Helen Hanft


"Helen Hanft [was] an actress whose mastery of camp humor, surreal scenarios and roles too risqué for mainstream comfort made her the acknowledged queen of the Off Off Broadway stage during a golden age for experimental theater in New York...made her mark in the 1960s and ’70s on Off Off Broadway stages like La MaMa Experimental Theater Club and Joseph Papp’s Public Theater in the East Village, as well as Caffe Cino in Greenwich Village, widely regarded as the birthplace of Off Off Broadway. She appeared in early plays by Tom Eyen, who later wrote the book and lyrics for “Dreamgirls,” including “Why Hanna’s Skirt Won’t Stay Down,” about a woman, a man and a fun-house air vent, and “Women Behind Bars,” a sendup of the B-movie genre of the title.

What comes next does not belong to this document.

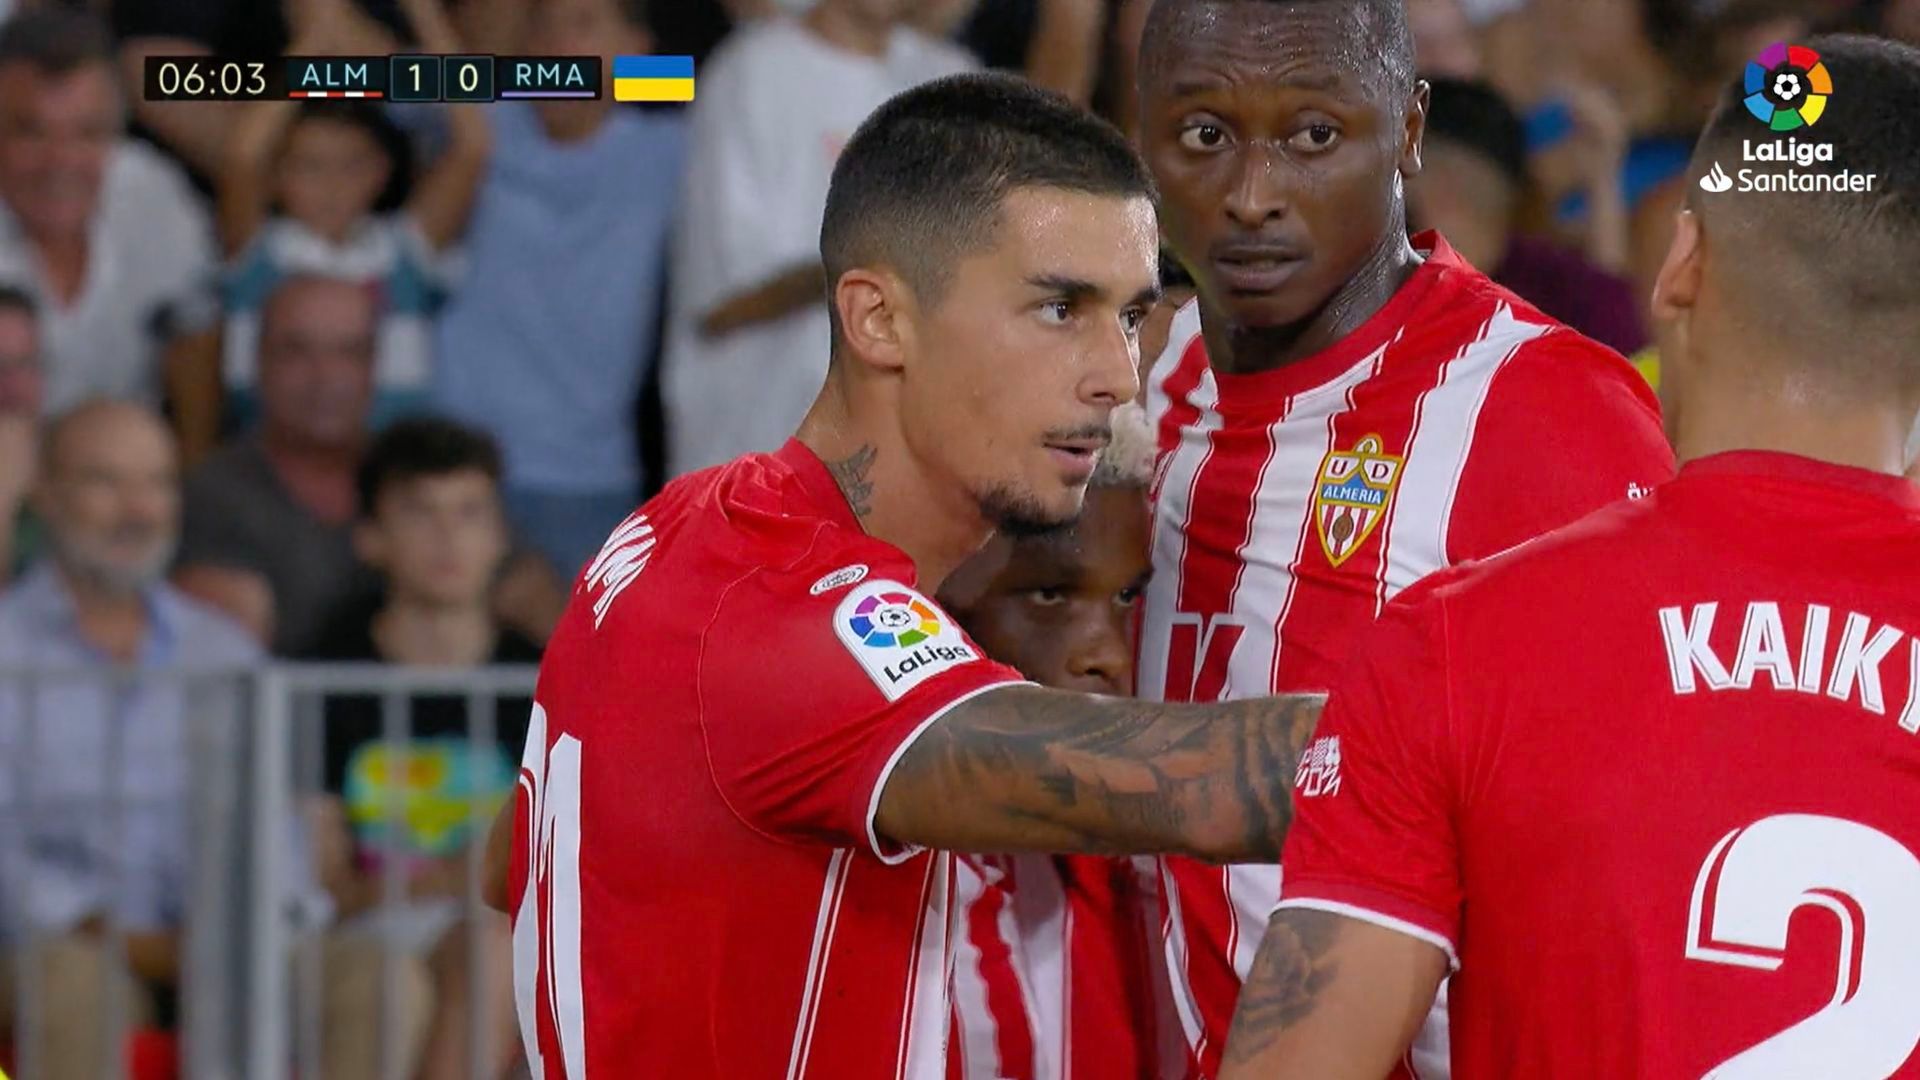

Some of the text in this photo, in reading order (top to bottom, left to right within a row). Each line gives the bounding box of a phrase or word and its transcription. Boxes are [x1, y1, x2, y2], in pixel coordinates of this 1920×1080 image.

[1331, 459, 1389, 479] U D
[1322, 485, 1381, 505] ALMERIA
[884, 645, 971, 684] LaLiga

She was also in “In the Boom Boom Room,” David Rabe’s play about go-go dancers and their lovers of both sexes, none of them suitable partners. Her performances earned unusual accolades. Phrases like “wonderfully grotesque” and “energetically seedy” appeared in rave reviews. Critics referred to her variously as the Helen Hayes and the Ethel Merman of Off Off Broadway. (Bette Midler, who also acted in Mr. Eyen’s early plays, has told interviewers that in creating her persona as the gleefully campy Divine Miss M, she borrowed liberally from the raunchy dames Ms. Hanft created.) Between 1965 and 1975 Ms. Hanft appeared in 75 productions, most of which paid her little if they paid at all. She supported herself by working in a series of odd jobs, she said in a 1975 interview with The New York Times. The most enduring of those, as a switchboard operator for the United Jewish Appeal, was, she said, “good voice training for an actress.” She later had small roles in a string of movies, including Woody Allen’s “Manhattan” (1979), “Stardust Memories” (1980) and “The Purple Rose of Cairo” (1985); Dudley Moore’s 1981 hit, “Arthur”; and Paul Mazursky’s “Next Stop, Greenwich Village” (1976) and “Willie & Phil” (1980). Helen Hanft was born in the Bronx on April 3, 1934, the eldest of Benjamin and Esther Hanft’s three children. Her father was a prominent public relations executive for a number of national Jewish organizations."